## Exercise details
Please return each entry in the listing exactly.

START Material for the task

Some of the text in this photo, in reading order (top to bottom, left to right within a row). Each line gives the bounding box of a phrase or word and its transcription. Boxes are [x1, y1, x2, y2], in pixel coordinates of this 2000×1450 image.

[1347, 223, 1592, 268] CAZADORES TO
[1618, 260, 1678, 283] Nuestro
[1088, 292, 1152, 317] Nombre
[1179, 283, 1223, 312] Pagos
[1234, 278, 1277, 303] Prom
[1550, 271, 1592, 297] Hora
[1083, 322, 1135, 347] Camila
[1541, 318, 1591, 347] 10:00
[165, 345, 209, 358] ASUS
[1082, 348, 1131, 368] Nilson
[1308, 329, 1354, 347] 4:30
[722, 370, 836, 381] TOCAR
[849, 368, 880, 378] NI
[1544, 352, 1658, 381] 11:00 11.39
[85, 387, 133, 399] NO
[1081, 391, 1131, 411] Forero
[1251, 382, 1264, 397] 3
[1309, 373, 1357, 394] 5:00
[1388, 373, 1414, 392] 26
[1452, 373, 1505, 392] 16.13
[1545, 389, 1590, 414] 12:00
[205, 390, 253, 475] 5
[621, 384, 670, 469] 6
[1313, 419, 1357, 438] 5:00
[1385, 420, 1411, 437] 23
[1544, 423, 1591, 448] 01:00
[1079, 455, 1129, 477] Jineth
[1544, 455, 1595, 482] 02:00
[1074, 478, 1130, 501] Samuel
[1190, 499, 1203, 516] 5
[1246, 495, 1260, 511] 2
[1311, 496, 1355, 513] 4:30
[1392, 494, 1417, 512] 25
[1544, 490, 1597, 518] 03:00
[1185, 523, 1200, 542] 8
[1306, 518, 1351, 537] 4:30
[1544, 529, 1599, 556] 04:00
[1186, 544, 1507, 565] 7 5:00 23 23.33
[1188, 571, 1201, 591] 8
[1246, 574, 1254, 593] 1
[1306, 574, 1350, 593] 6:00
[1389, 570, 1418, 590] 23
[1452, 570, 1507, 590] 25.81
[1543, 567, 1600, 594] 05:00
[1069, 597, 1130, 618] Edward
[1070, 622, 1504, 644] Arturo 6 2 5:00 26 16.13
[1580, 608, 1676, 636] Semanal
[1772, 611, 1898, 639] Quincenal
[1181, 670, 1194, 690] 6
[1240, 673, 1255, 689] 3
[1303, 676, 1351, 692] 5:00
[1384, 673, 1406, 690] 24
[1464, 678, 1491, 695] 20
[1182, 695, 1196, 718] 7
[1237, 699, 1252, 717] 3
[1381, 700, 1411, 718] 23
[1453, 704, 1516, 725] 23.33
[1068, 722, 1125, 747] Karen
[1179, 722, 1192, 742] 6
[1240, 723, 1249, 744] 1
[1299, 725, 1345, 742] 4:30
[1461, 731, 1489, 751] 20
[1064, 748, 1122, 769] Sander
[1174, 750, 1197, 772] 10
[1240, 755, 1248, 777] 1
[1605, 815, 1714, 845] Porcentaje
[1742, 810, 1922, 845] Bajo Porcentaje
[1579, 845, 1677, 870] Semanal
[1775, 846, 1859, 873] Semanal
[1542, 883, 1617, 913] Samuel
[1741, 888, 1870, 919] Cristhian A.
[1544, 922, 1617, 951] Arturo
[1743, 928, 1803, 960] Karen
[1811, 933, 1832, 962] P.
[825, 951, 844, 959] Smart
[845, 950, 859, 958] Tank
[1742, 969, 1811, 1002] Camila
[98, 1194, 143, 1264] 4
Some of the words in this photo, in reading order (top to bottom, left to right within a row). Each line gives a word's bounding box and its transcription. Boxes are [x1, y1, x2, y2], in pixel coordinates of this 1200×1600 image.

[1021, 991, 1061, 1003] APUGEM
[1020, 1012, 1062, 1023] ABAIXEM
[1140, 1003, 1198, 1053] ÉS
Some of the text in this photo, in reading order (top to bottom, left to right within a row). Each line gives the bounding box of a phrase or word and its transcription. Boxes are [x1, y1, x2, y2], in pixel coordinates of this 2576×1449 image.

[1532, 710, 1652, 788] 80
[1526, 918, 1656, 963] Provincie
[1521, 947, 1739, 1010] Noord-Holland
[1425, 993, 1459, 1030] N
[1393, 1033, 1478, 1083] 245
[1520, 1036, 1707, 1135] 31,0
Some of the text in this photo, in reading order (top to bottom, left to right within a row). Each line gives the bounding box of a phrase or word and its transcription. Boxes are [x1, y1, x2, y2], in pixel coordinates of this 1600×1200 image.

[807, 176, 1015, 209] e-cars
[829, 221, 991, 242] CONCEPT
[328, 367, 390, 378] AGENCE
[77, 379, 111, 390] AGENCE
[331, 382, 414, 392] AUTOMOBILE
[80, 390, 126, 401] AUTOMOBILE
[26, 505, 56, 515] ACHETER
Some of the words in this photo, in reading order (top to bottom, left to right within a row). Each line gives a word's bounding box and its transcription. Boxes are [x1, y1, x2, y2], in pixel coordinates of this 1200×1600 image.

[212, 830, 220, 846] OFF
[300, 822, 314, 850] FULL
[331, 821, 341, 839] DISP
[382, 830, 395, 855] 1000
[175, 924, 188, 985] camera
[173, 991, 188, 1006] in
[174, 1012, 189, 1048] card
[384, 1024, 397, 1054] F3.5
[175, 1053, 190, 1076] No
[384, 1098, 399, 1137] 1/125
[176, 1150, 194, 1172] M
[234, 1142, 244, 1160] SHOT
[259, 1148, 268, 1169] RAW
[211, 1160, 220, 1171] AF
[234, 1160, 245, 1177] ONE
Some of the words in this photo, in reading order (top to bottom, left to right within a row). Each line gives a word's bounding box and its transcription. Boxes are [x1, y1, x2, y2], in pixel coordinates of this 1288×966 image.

END Material for the task

## Answer to this exercise
Some of the text in this photo, in reading order (top to bottom, left to right within a row). Each line gives the bounding box of a phrase or word and its transcription. Boxes are [x1, y1, x2, y2], in pixel coordinates of this 2000×1450 image.

[1347, 223, 1592, 268] CAZADORES TO
[1618, 260, 1678, 283] Nuestro
[1088, 292, 1152, 317] Nombre
[1179, 283, 1223, 312] Pagos
[1234, 278, 1277, 303] Prom
[1550, 271, 1592, 297] Hora
[1083, 322, 1135, 347] Camila
[1541, 318, 1591, 347] 10:00
[165, 345, 209, 358] ASUS
[1082, 348, 1131, 368] Nilson
[1308, 329, 1354, 347] 4:30
[722, 370, 836, 381] TOCAR
[849, 368, 880, 378] NI
[1544, 352, 1658, 381] 11:00 11.39
[85, 387, 133, 399] NO
[1081, 391, 1131, 411] Forero
[1251, 382, 1264, 397] 3
[1309, 373, 1357, 394] 5:00
[1388, 373, 1414, 392] 26
[1452, 373, 1505, 392] 16.13
[1545, 389, 1590, 414] 12:00
[205, 390, 253, 475] 5
[621, 384, 670, 469] 6
[1313, 419, 1357, 438] 5:00
[1385, 420, 1411, 437] 23
[1544, 423, 1591, 448] 01:00
[1079, 455, 1129, 477] Jineth
[1544, 455, 1595, 482] 02:00
[1074, 478, 1130, 501] Samuel
[1190, 499, 1203, 516] 5
[1246, 495, 1260, 511] 2
[1311, 496, 1355, 513] 4:30
[1392, 494, 1417, 512] 25
[1544, 490, 1597, 518] 03:00
[1185, 523, 1200, 542] 8
[1306, 518, 1351, 537] 4:30
[1544, 529, 1599, 556] 04:00
[1186, 544, 1507, 565] 7 5:00 23 23.33
[1188, 571, 1201, 591] 8
[1246, 574, 1254, 593] 1
[1306, 574, 1350, 593] 6:00
[1389, 570, 1418, 590] 23
[1452, 570, 1507, 590] 25.81
[1543, 567, 1600, 594] 05:00
[1069, 597, 1130, 618] Edward
[1070, 622, 1504, 644] Arturo 6 2 5:00 26 16.13
[1580, 608, 1676, 636] Semanal
[1772, 611, 1898, 639] Quincenal
[1181, 670, 1194, 690] 6
[1240, 673, 1255, 689] 3
[1303, 676, 1351, 692] 5:00
[1384, 673, 1406, 690] 24
[1464, 678, 1491, 695] 20
[1182, 695, 1196, 718] 7
[1237, 699, 1252, 717] 3
[1381, 700, 1411, 718] 23
[1453, 704, 1516, 725] 23.33
[1068, 722, 1125, 747] Karen
[1179, 722, 1192, 742] 6
[1240, 723, 1249, 744] 1
[1299, 725, 1345, 742] 4:30
[1461, 731, 1489, 751] 20
[1064, 748, 1122, 769] Sander
[1174, 750, 1197, 772] 10
[1240, 755, 1248, 777] 1
[1605, 815, 1714, 845] Porcentaje
[1742, 810, 1922, 845] Bajo Porcentaje
[1579, 845, 1677, 870] Semanal
[1775, 846, 1859, 873] Semanal
[1542, 883, 1617, 913] Samuel
[1741, 888, 1870, 919] Cristhian A.
[1544, 922, 1617, 951] Arturo
[1743, 928, 1803, 960] Karen
[1811, 933, 1832, 962] P.
[825, 951, 844, 959] Smart
[845, 950, 859, 958] Tank
[1742, 969, 1811, 1002] Camila
[98, 1194, 143, 1264] 4
Some of the words in this photo, in reading order (top to bottom, left to right within a row). Each line gives a word's bounding box and its transcription. Boxes are [x1, y1, x2, y2], in pixel coordinates of this 1200×1600 image.

[1021, 991, 1061, 1003] APUGEM
[1020, 1012, 1062, 1023] ABAIXEM
[1140, 1003, 1198, 1053] ÉS
Some of the text in this photo, in reading order (top to bottom, left to right within a row). Each line gives the bounding box of a phrase or word and its transcription. Boxes are [x1, y1, x2, y2], in pixel coordinates of this 2576×1449 image.

[1532, 710, 1652, 788] 80
[1526, 918, 1656, 963] Provincie
[1521, 947, 1739, 1010] Noord-Holland
[1425, 993, 1459, 1030] N
[1393, 1033, 1478, 1083] 245
[1520, 1036, 1707, 1135] 31,0
Some of the text in this photo, in reading order (top to bottom, left to right within a row). Each line gives the bounding box of a phrase or word and its transcription. Boxes are [x1, y1, x2, y2], in pixel coordinates of this 1600×1200 image.

[807, 176, 1015, 209] e-cars
[829, 221, 991, 242] CONCEPT
[328, 367, 390, 378] AGENCE
[77, 379, 111, 390] AGENCE
[331, 382, 414, 392] AUTOMOBILE
[80, 390, 126, 401] AUTOMOBILE
[26, 505, 56, 515] ACHETER
Some of the words in this photo, in reading order (top to bottom, left to right within a row). Each line gives a word's bounding box and its transcription. Boxes are [x1, y1, x2, y2], in pixel coordinates of this 1200×1600 image.

[212, 830, 220, 846] OFF
[300, 822, 314, 850] FULL
[331, 821, 341, 839] DISP
[382, 830, 395, 855] 1000
[175, 924, 188, 985] camera
[173, 991, 188, 1006] in
[174, 1012, 189, 1048] card
[384, 1024, 397, 1054] F3.5
[175, 1053, 190, 1076] No
[384, 1098, 399, 1137] 1/125
[176, 1150, 194, 1172] M
[234, 1142, 244, 1160] SHOT
[259, 1148, 268, 1169] RAW
[211, 1160, 220, 1171] AF
[234, 1160, 245, 1177] ONE
Some of the words in this photo, in reading order (top to bottom, left to right within a row). Each line gives a word's bounding box and its transcription. Boxes are [x1, y1, x2, y2], in pixel coordinates of this 1288×966 image.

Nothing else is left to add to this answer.